■ What the exercise asks ■
Copy the data verbatim and leave out every picture.

■ Provided material ■
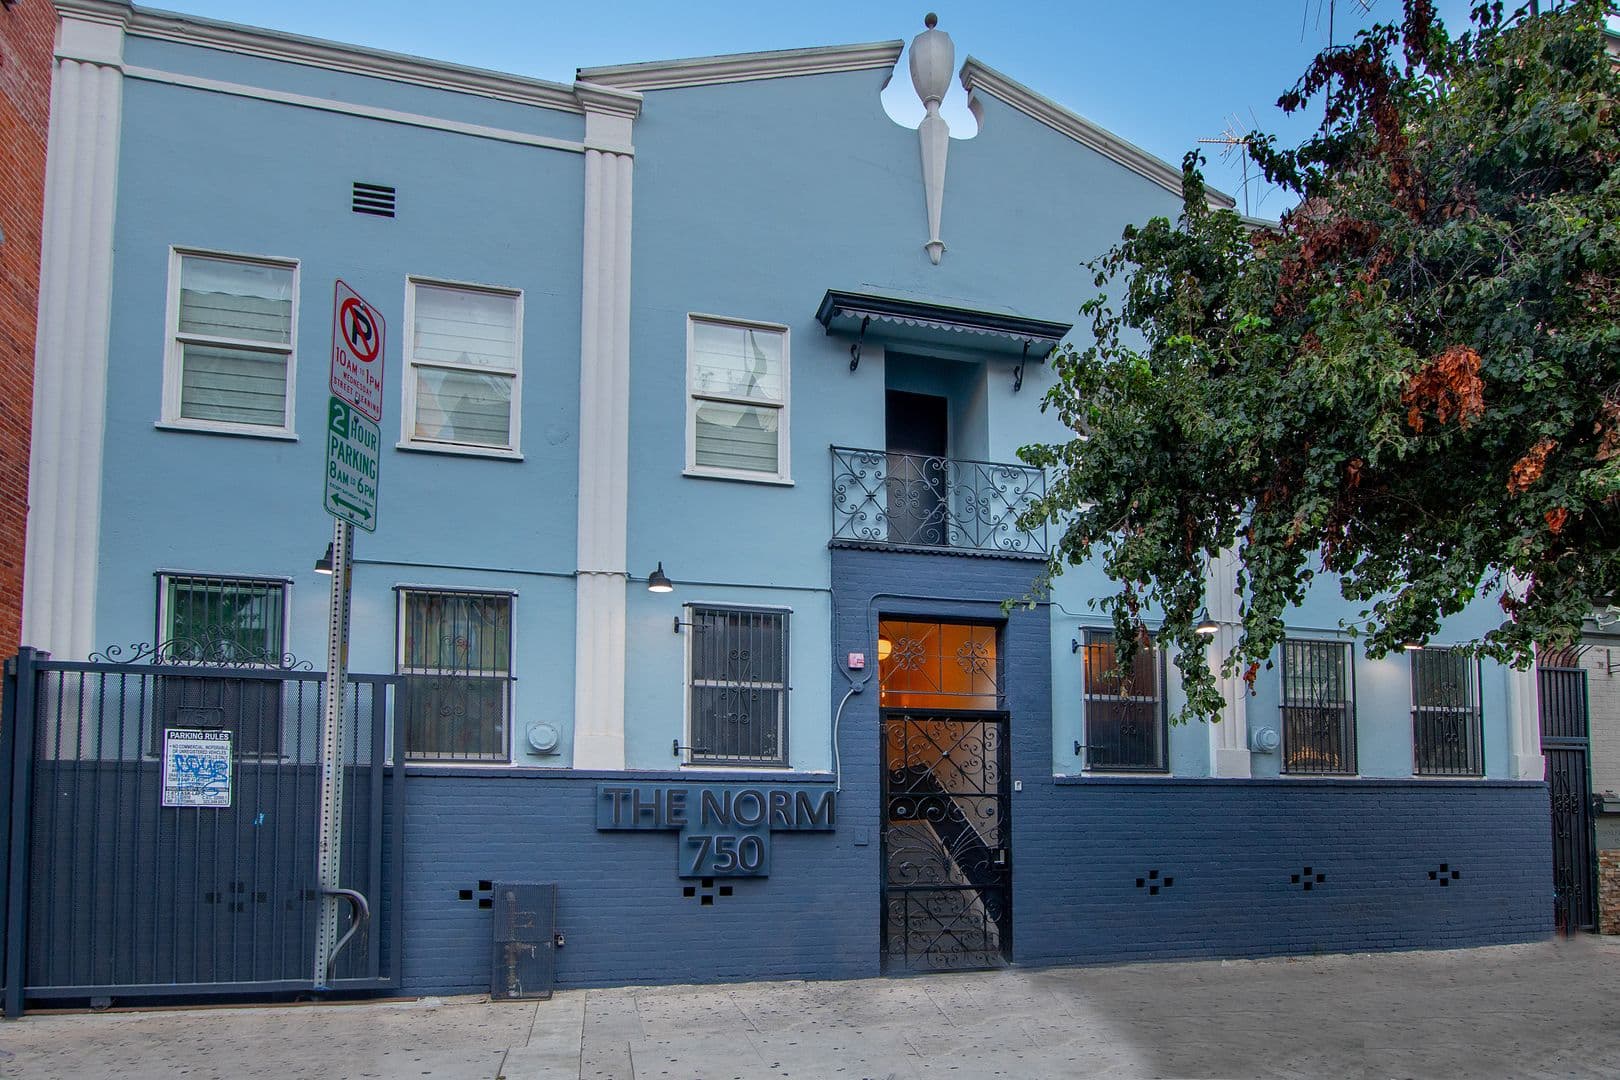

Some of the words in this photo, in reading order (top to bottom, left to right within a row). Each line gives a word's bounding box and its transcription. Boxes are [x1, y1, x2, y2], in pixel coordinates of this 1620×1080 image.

[333, 376, 353, 394] STREET
[336, 346, 358, 376] 10AM
[366, 369, 380, 392] 1PM
[343, 371, 372, 397] WEDNESDAY
[333, 404, 345, 432] 2
[351, 419, 376, 452] HOUR
[331, 435, 376, 480] PARKING
[329, 460, 349, 486] 8AM
[357, 477, 375, 500] 6PM
[169, 731, 204, 740] PARKING
[204, 732, 229, 741] RULES
[602, 787, 688, 825] THE
[701, 788, 835, 826] NORM
[687, 835, 765, 872] 750
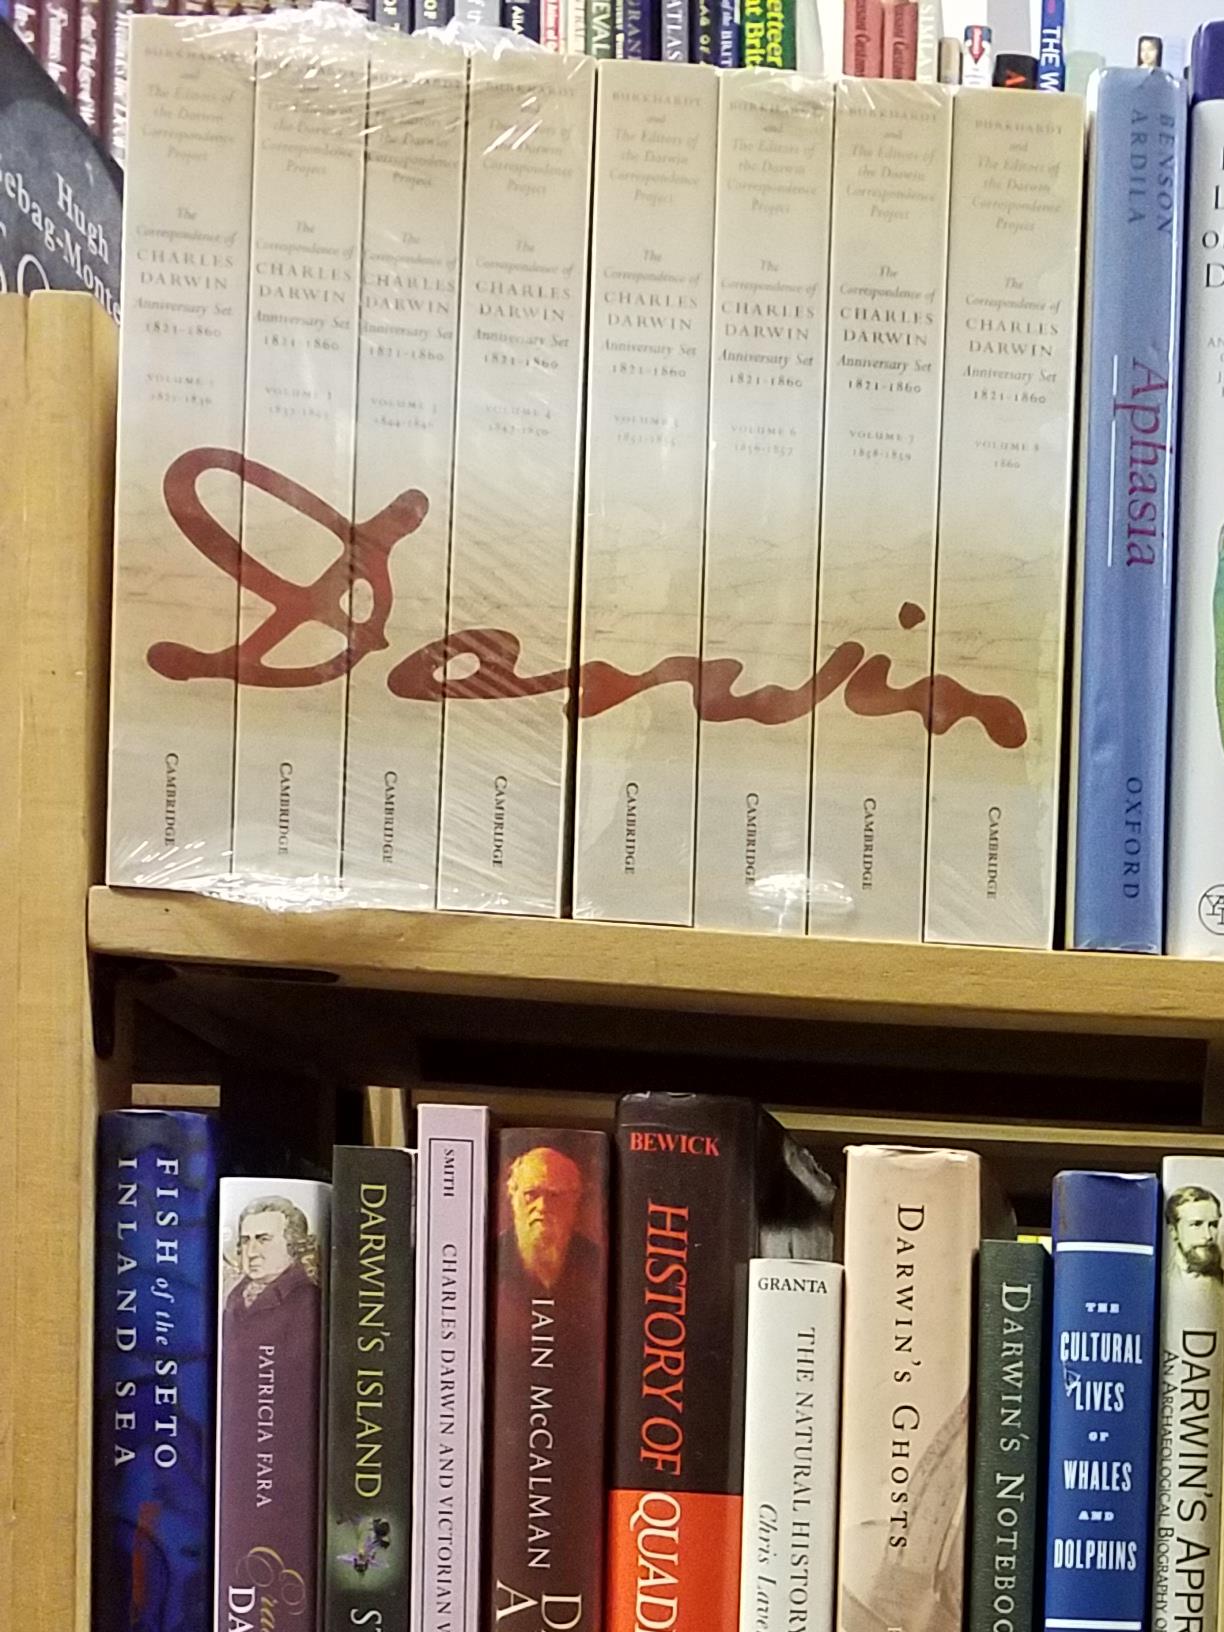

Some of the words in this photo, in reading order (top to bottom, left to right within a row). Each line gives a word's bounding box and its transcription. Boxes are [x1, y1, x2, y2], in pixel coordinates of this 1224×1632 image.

[56, 172, 109, 264] Hugh
[840, 307, 934, 326] CHARLES
[843, 328, 928, 347] DARWIN
[836, 354, 908, 372] Anniversary
[915, 360, 932, 373] Set
[1113, 357, 1173, 567] Aphasia
[146, 447, 1029, 749] Darwin
[622, 781, 641, 876] CAMBRIDGE
[984, 805, 1003, 901] CAMBRIDGE
[1123, 776, 1144, 900] OXFORD
[629, 1132, 720, 1157] BEWICK
[156, 1158, 179, 1265] FISH
[116, 1158, 137, 1352] INLAND
[150, 1277, 175, 1304] of
[357, 1183, 388, 1354] DARWIN'S
[440, 1244, 457, 1341] CHARLES
[758, 1277, 828, 1295] GRANTA
[893, 1204, 925, 1384] DARWIN'S
[155, 1310, 175, 1347] the
[530, 1300, 555, 1369] IAIN
[642, 1199, 689, 1415] HISTORY
[1060, 1331, 1143, 1365] CULTURAL
[1085, 1302, 1119, 1313] THE
[257, 1345, 275, 1443] PATRICIA
[439, 1349, 457, 1435] DARWIN
[795, 1327, 816, 1383] THE
[999, 1283, 1032, 1452] DARWIN'S
[1075, 1382, 1125, 1412] LIVES
[113, 1383, 136, 1467] SEA
[154, 1360, 178, 1470] SETO
[354, 1369, 385, 1499] ISLAND
[639, 1417, 684, 1476] OF
[791, 1391, 815, 1514] NATURAL
[1088, 1431, 1109, 1442] OF
[1176, 1328, 1217, 1523] DARWIN'S
[256, 1452, 273, 1508] FARA
[438, 1442, 455, 1490] AND
[888, 1404, 920, 1549] GHOSTS
[1064, 1461, 1132, 1492] WHALES
[434, 1495, 454, 1615] VICTORIAN
[1053, 1539, 1138, 1571] DOLPHINS
[1078, 1510, 1115, 1521] AND
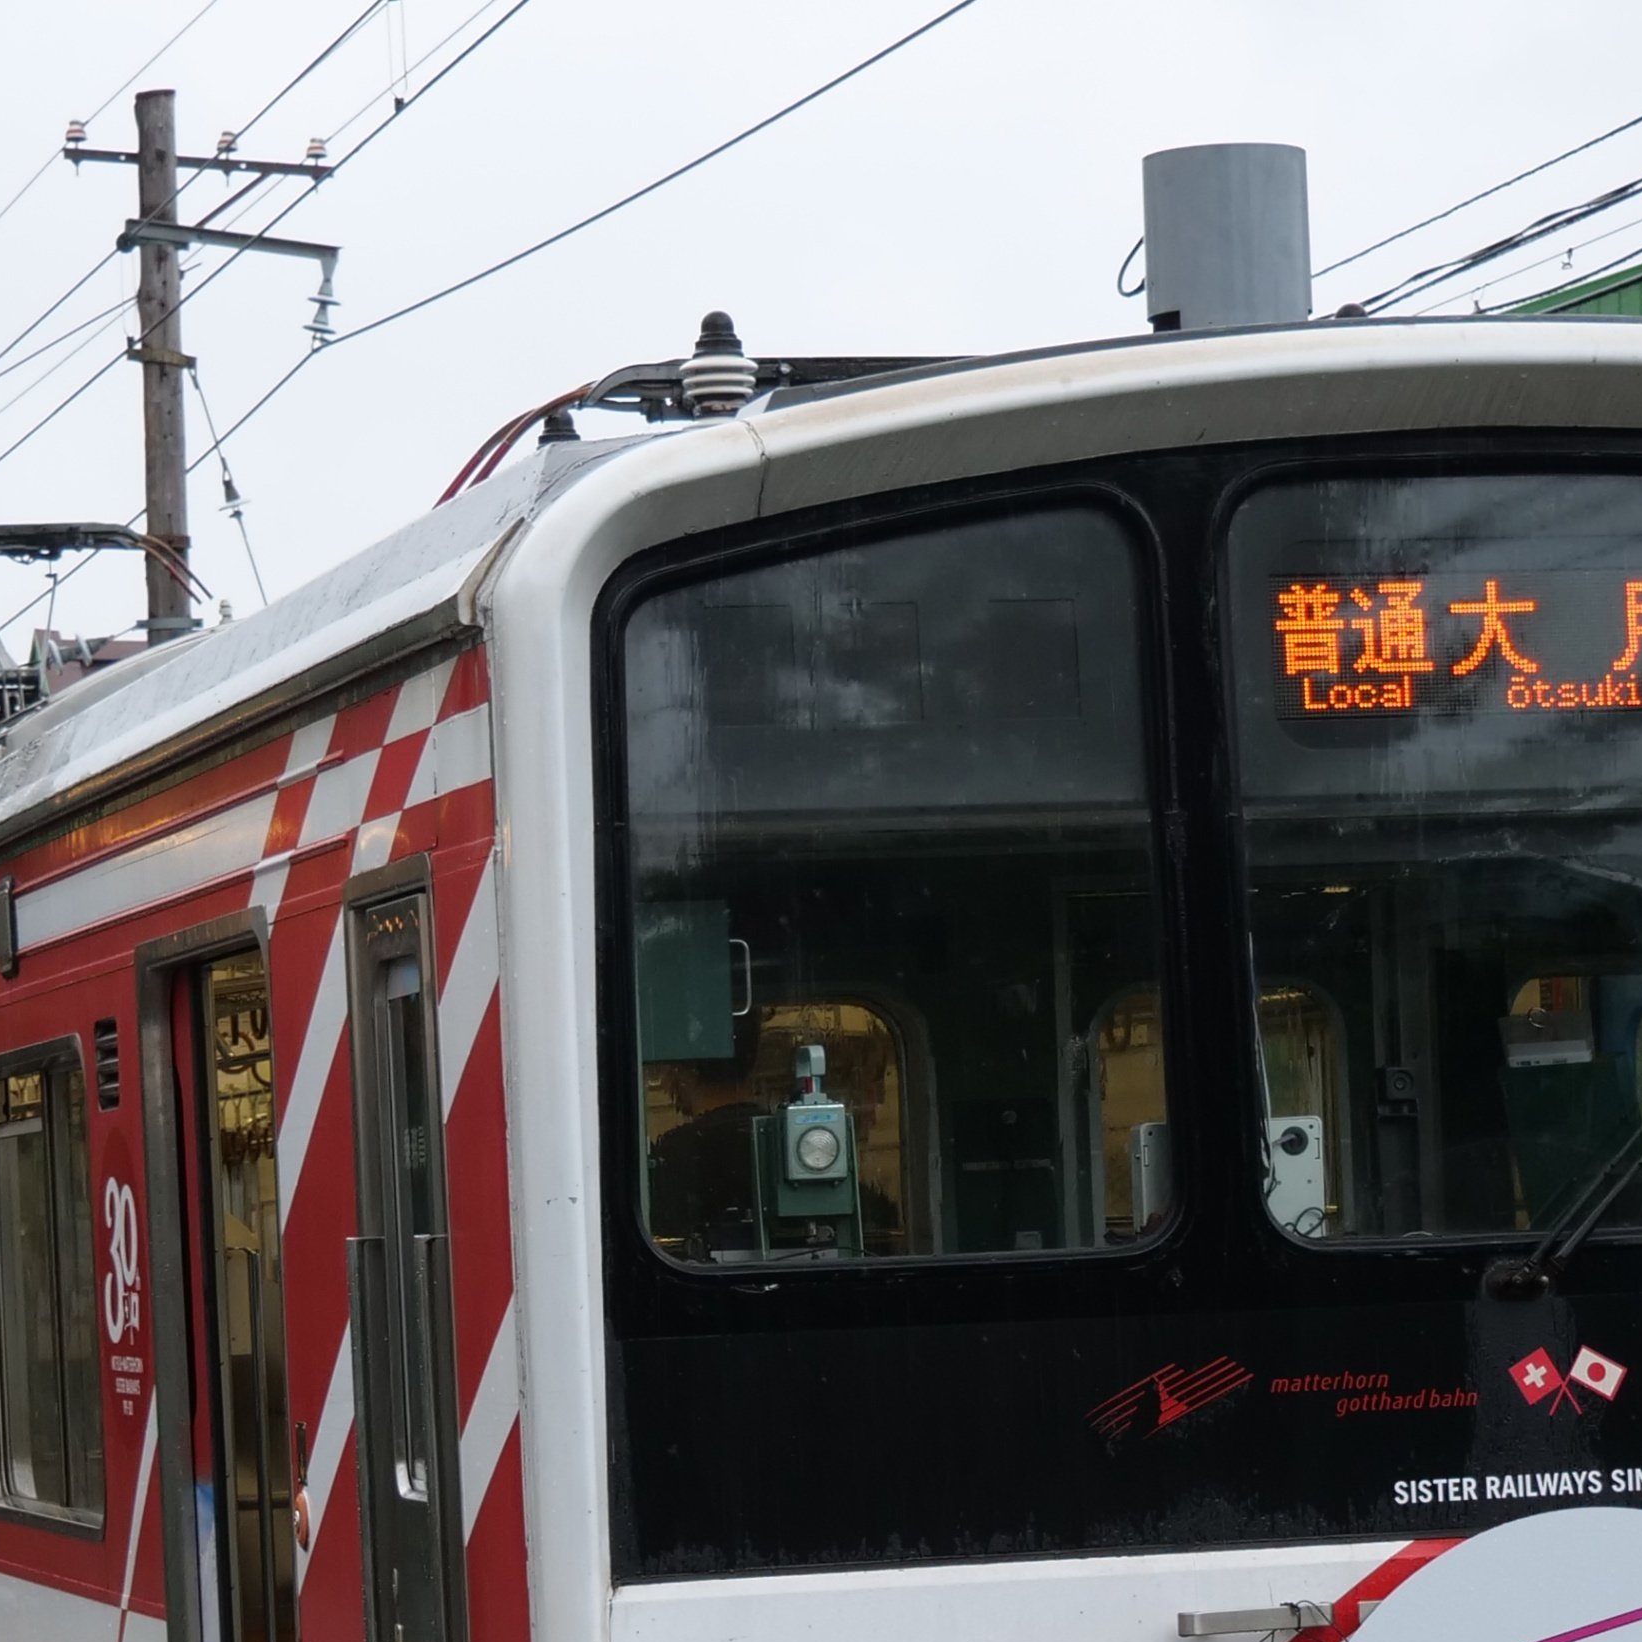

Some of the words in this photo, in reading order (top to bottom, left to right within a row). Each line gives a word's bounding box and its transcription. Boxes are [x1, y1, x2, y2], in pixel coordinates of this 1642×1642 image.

[1275, 582, 1435, 675] 普通
[1304, 676, 1413, 710] Local
[1270, 1371, 1390, 1393] matterhorn
[1335, 1389, 1426, 1418] gotthard
[1428, 1387, 1480, 1408] bahn
[1394, 1477, 1478, 1505] SISTER
[1485, 1470, 1603, 1500] RAILWAYS

■ Written response ■
Some of the words in this photo, in reading order (top to bottom, left to right within a row). Each line gives a word's bounding box and its transcription. Boxes are [x1, y1, x2, y2], in pixel coordinates of this 1620×1080 image.

[333, 376, 353, 394] STREET
[336, 346, 358, 376] 10AM
[366, 369, 380, 392] 1PM
[343, 371, 372, 397] WEDNESDAY
[333, 404, 345, 432] 2
[351, 419, 376, 452] HOUR
[331, 435, 376, 480] PARKING
[329, 460, 349, 486] 8AM
[357, 477, 375, 500] 6PM
[169, 731, 204, 740] PARKING
[204, 732, 229, 741] RULES
[602, 787, 688, 825] THE
[701, 788, 835, 826] NORM
[687, 835, 765, 872] 750

Some of the words in this photo, in reading order (top to bottom, left to right within a row). Each line gives a word's bounding box and its transcription. Boxes are [x1, y1, x2, y2], in pixel coordinates of this 1224×1632 image.

[56, 172, 109, 264] Hugh
[840, 307, 934, 326] CHARLES
[843, 328, 928, 347] DARWIN
[836, 354, 908, 372] Anniversary
[915, 360, 932, 373] Set
[1113, 357, 1173, 567] Aphasia
[146, 447, 1029, 749] Darwin
[622, 781, 641, 876] CAMBRIDGE
[984, 805, 1003, 901] CAMBRIDGE
[1123, 776, 1144, 900] OXFORD
[629, 1132, 720, 1157] BEWICK
[156, 1158, 179, 1265] FISH
[116, 1158, 137, 1352] INLAND
[150, 1277, 175, 1304] of
[357, 1183, 388, 1354] DARWIN'S
[440, 1244, 457, 1341] CHARLES
[758, 1277, 828, 1295] GRANTA
[893, 1204, 925, 1384] DARWIN'S
[155, 1310, 175, 1347] the
[530, 1300, 555, 1369] IAIN
[642, 1199, 689, 1415] HISTORY
[1060, 1331, 1143, 1365] CULTURAL
[1085, 1302, 1119, 1313] THE
[257, 1345, 275, 1443] PATRICIA
[439, 1349, 457, 1435] DARWIN
[795, 1327, 816, 1383] THE
[999, 1283, 1032, 1452] DARWIN'S
[1075, 1382, 1125, 1412] LIVES
[113, 1383, 136, 1467] SEA
[154, 1360, 178, 1470] SETO
[354, 1369, 385, 1499] ISLAND
[639, 1417, 684, 1476] OF
[791, 1391, 815, 1514] NATURAL
[1088, 1431, 1109, 1442] OF
[1176, 1328, 1217, 1523] DARWIN'S
[256, 1452, 273, 1508] FARA
[438, 1442, 455, 1490] AND
[888, 1404, 920, 1549] GHOSTS
[1064, 1461, 1132, 1492] WHALES
[434, 1495, 454, 1615] VICTORIAN
[1053, 1539, 1138, 1571] DOLPHINS
[1078, 1510, 1115, 1521] AND

Some of the words in this photo, in reading order (top to bottom, left to right within a row). Each line gives a word's bounding box and its transcription. Boxes are [x1, y1, x2, y2], in pixel coordinates of this 1642×1642 image.

[1275, 582, 1435, 675] 普通
[1304, 676, 1413, 710] Local
[1270, 1371, 1390, 1393] matterhorn
[1335, 1389, 1426, 1418] gotthard
[1428, 1387, 1480, 1408] bahn
[1394, 1477, 1478, 1505] SISTER
[1485, 1470, 1603, 1500] RAILWAYS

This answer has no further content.